I agree that would be the best. I believe (but haven’t verified) that MacOS forbids having an executable stack, yet GCC compilers still work. I also read something about this in a recent C standard proposal: Functional Functions - A Comprehensive Proposal Overviewing Blocks, Nested Functions, and Lambdas for C,
NOTE: As of early 2025 in GCC 14, GCC selected a heap-based implementation that got rid of the executable stack. This requires some amount of dynamic allocation in cases where it cannot prove that the function is only passed down, not have its address taken in a meaningful way, or if it is not used immediately (as determined by the optimizer). It can be turned on with
-ftrampoline-impl=heap.
@zaikunzhang, are you strictly limited to GCC 13?

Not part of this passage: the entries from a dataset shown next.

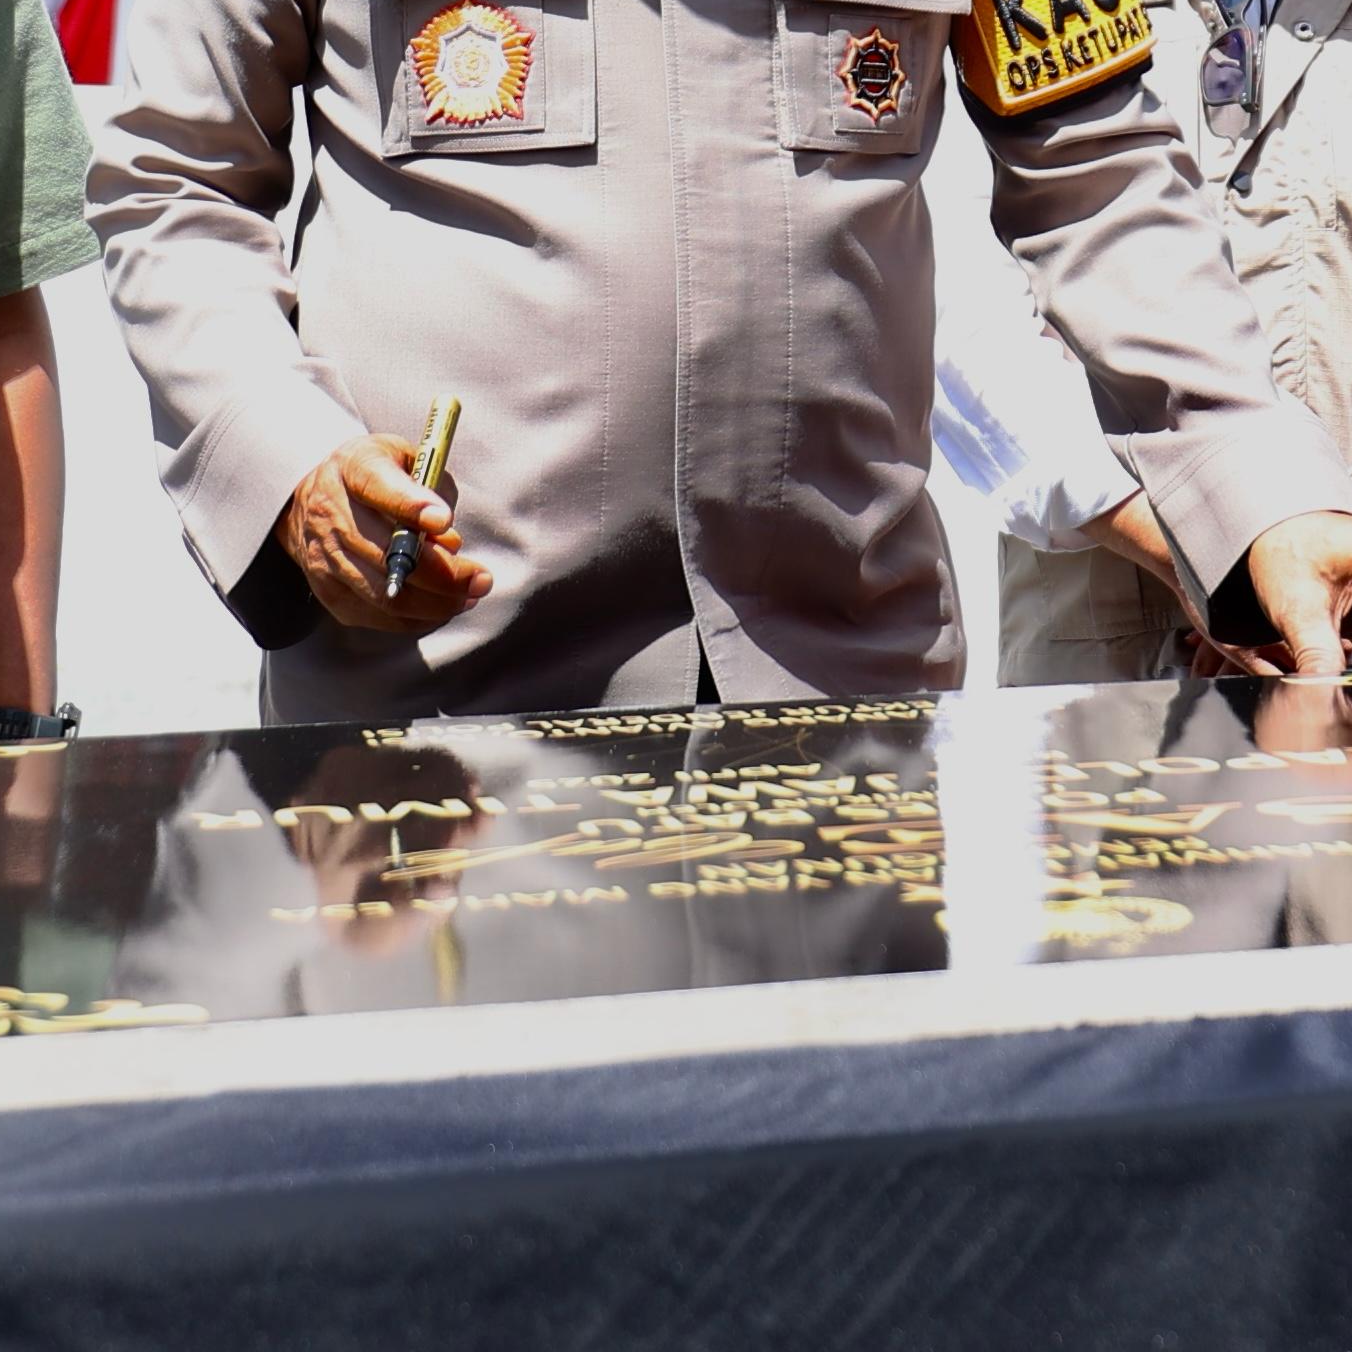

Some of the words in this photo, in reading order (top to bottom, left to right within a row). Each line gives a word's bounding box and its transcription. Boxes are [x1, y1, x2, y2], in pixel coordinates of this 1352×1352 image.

[1007, 48, 1060, 91] OPS
[1060, 7, 1145, 72] KETUPAT
[412, 451, 428, 481] OLD
[600, 773, 899, 807] JAWA
[835, 787, 1167, 822] POES
[191, 794, 581, 830] TIMUR
[578, 808, 815, 838] BATU
[411, 885, 629, 912] MAHA
[648, 874, 832, 900] YANG
[269, 900, 394, 924] ESA

Not all Fortran compilers use the executable stack approach. A brief discussion of the trampoline mechanism can be found here: Is creating nested subroutines/functions considered good practice in Fortran? - #25 by szakharin
Another discussion of issues related to internal procedures is from @sblionel in Doctor Fortran in “Think, Thank, Thunk”,
Historical note: in the past, these thunks were built on the stack, which was very convenient. However the notion of executable code on the stack was also convenient for virus writers so operating systems evolved to disallow this. Other solutions were found, a topic for someone else’s blog.